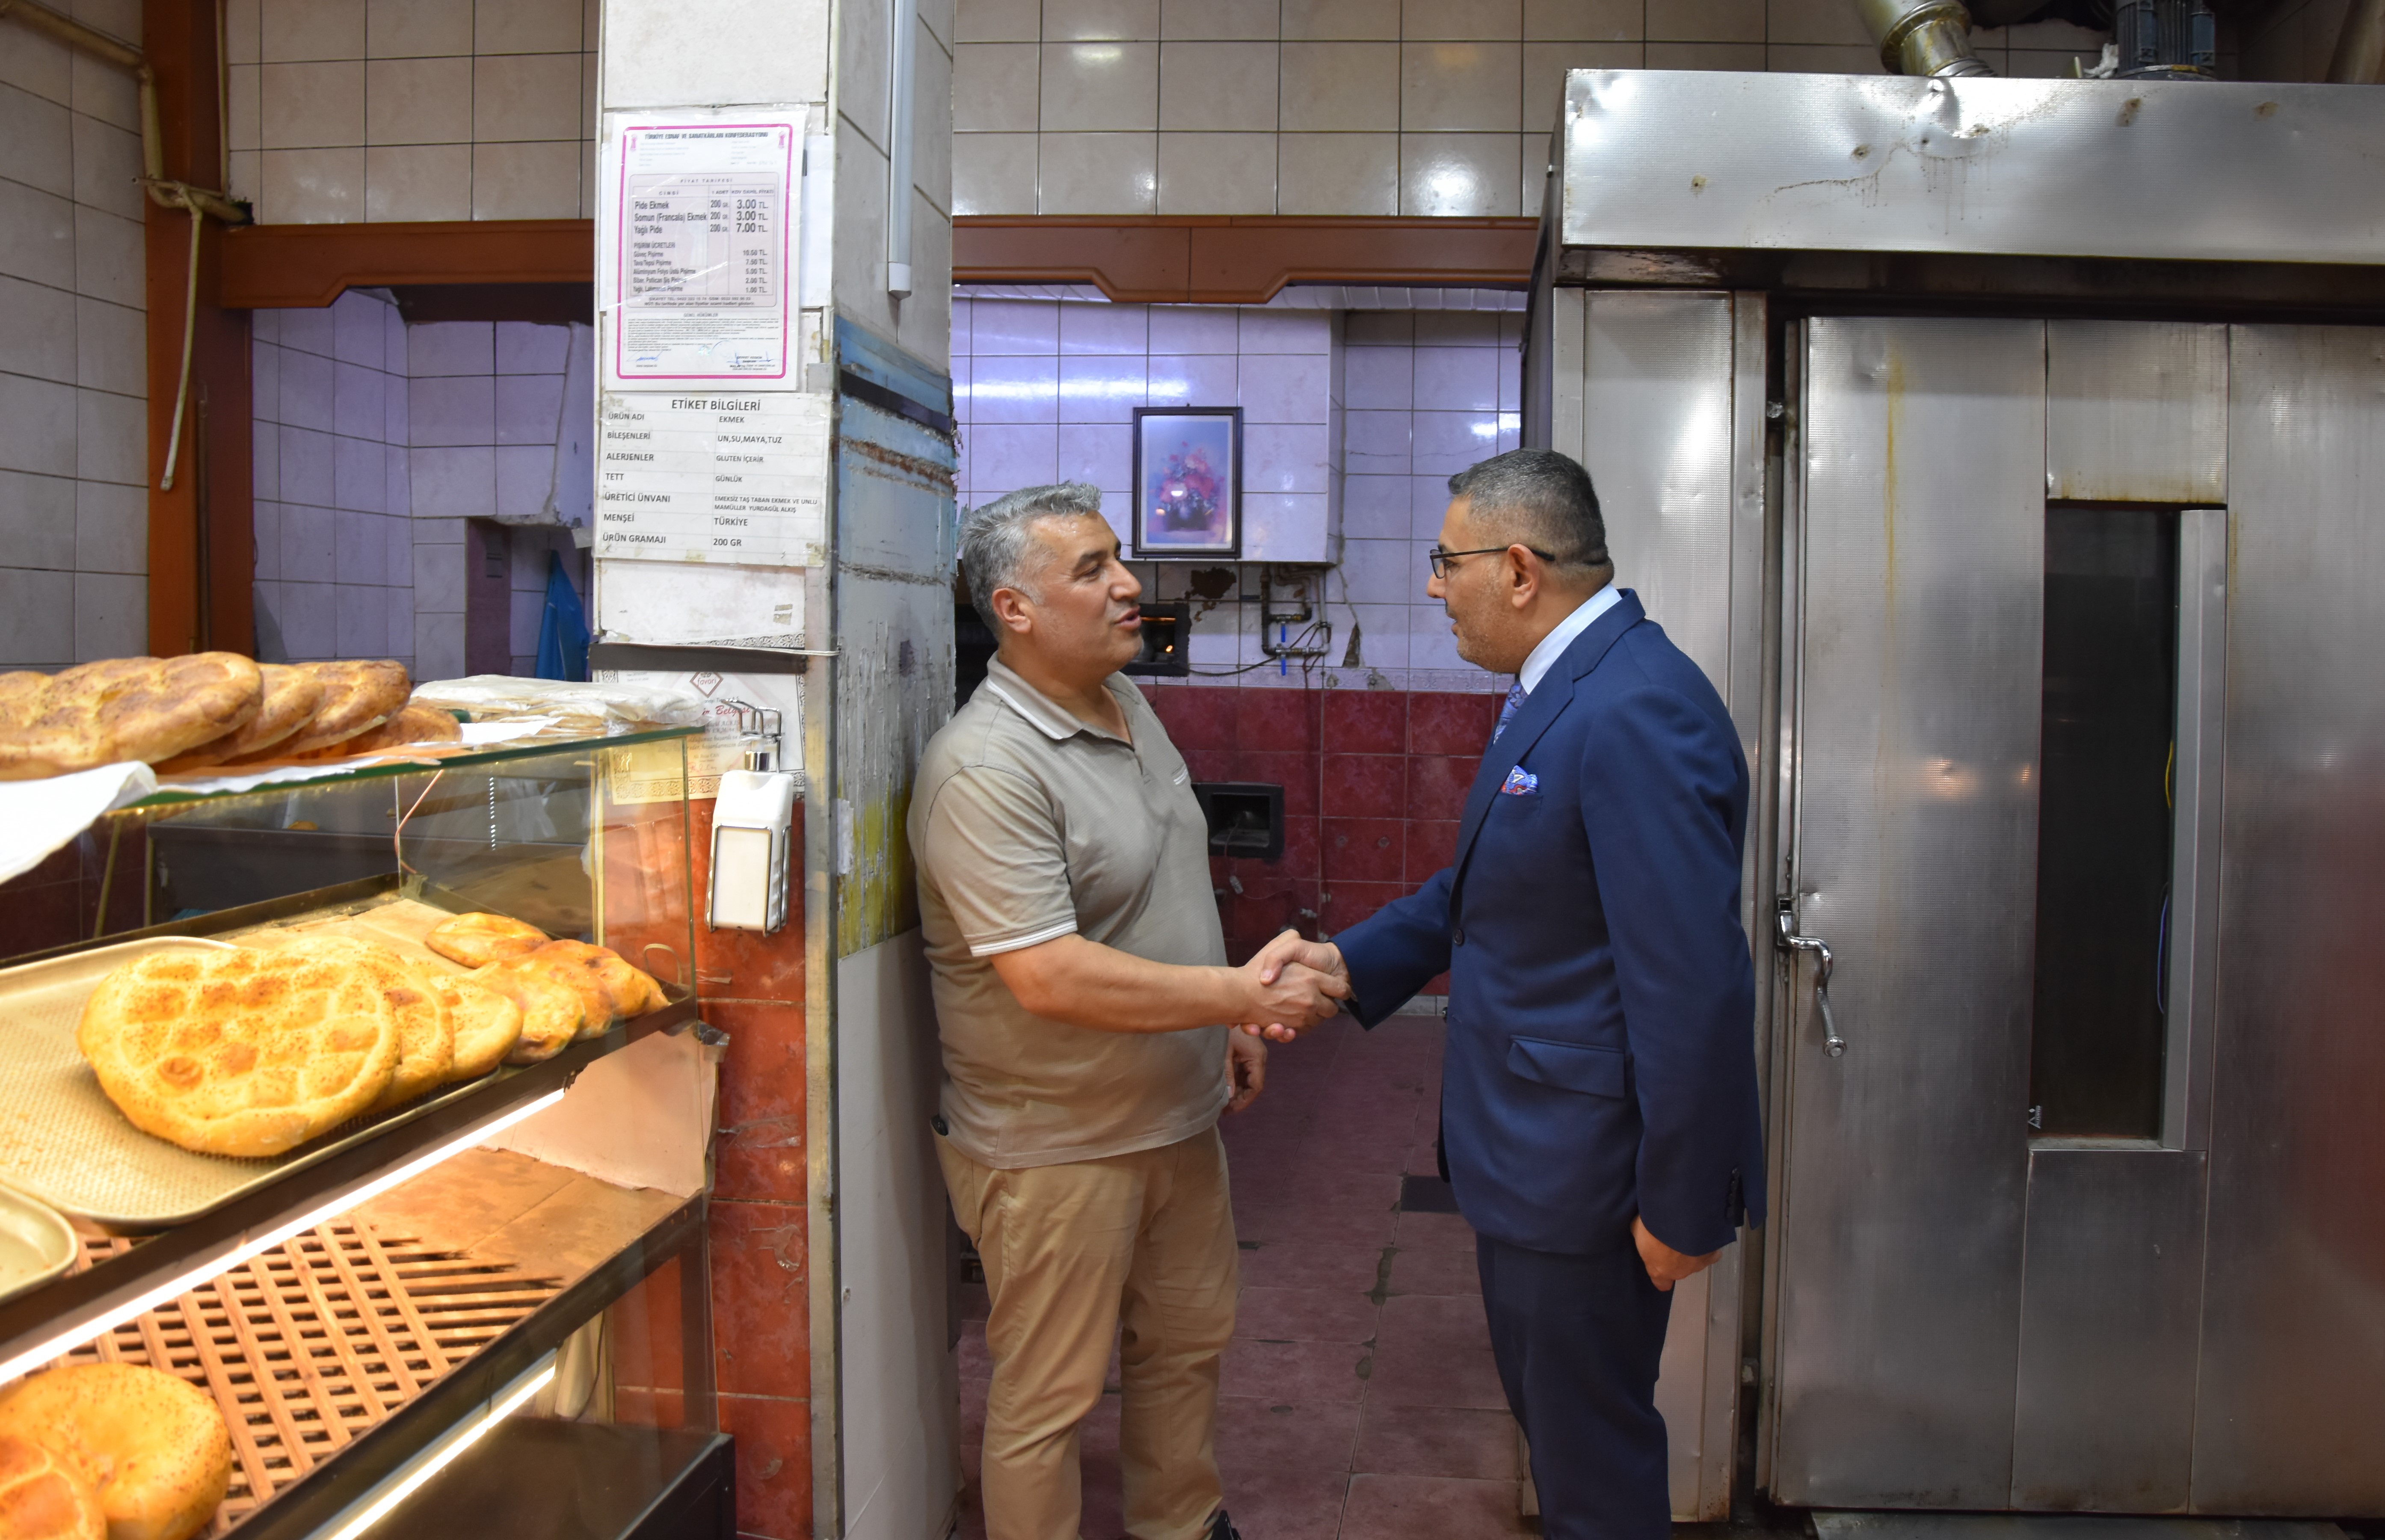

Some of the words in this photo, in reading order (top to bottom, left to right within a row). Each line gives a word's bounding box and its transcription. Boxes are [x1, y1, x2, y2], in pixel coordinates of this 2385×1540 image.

[635, 201, 647, 209] Pide
[649, 201, 669, 209] Ekmek
[737, 199, 756, 209] 3.00
[634, 213, 655, 222] Somun
[656, 213, 685, 223] (Francala)
[687, 213, 707, 221] Ekmek
[710, 211, 721, 219] 200
[736, 211, 756, 221] 3.00
[634, 225, 647, 236] Yağlı
[649, 225, 662, 234] Pide
[710, 224, 720, 232] 200
[736, 222, 755, 232] 7.00
[672, 398, 708, 410] ETİKET
[711, 399, 761, 411] BİLGİLERİ
[608, 412, 630, 420] ÜRÜN
[607, 431, 651, 440] BİLEŞENLERİ
[717, 435, 782, 444] UN,SU,MAYA,TUZ
[606, 453, 654, 461] ALERJENLER
[743, 455, 764, 463] İÇERİR
[604, 492, 635, 501] ÜRETİCİ
[638, 493, 670, 503] ÜNVANI
[603, 513, 634, 523] MENŞEİ
[714, 516, 748, 526] TÜRKİYE
[603, 533, 626, 542] ÜRÜN
[629, 534, 666, 543] GRAMAJI
[697, 678, 716, 687] favori
[715, 705, 750, 717] Belgsi

########################################

> **What to produce**: Repeat the data exactly as written, but without the pictures.

> **Your solution**:
Some of the words in this photo, in reading order (top to bottom, left to right within a row). Each line gives a word's bounding box and its transcription. Boxes are [x1, y1, x2, y2], in pixel coordinates of this 2385×1540 image.

[635, 201, 647, 209] Pide
[649, 201, 669, 209] Ekmek
[737, 199, 756, 209] 3.00
[634, 213, 655, 222] Somun
[656, 213, 685, 223] (Francala)
[687, 213, 707, 221] Ekmek
[710, 211, 721, 219] 200
[736, 211, 756, 221] 3.00
[634, 225, 647, 236] Yağlı
[649, 225, 662, 234] Pide
[710, 224, 720, 232] 200
[736, 222, 755, 232] 7.00
[672, 398, 708, 410] ETİKET
[711, 399, 761, 411] BİLGİLERİ
[608, 412, 630, 420] ÜRÜN
[607, 431, 651, 440] BİLEŞENLERİ
[717, 435, 782, 444] UN,SU,MAYA,TUZ
[606, 453, 654, 461] ALERJENLER
[743, 455, 764, 463] İÇERİR
[604, 492, 635, 501] ÜRETİCİ
[638, 493, 670, 503] ÜNVANI
[603, 513, 634, 523] MENŞEİ
[714, 516, 748, 526] TÜRKİYE
[603, 533, 626, 542] ÜRÜN
[629, 534, 666, 543] GRAMAJI
[697, 678, 716, 687] favori
[715, 705, 750, 717] Belgsi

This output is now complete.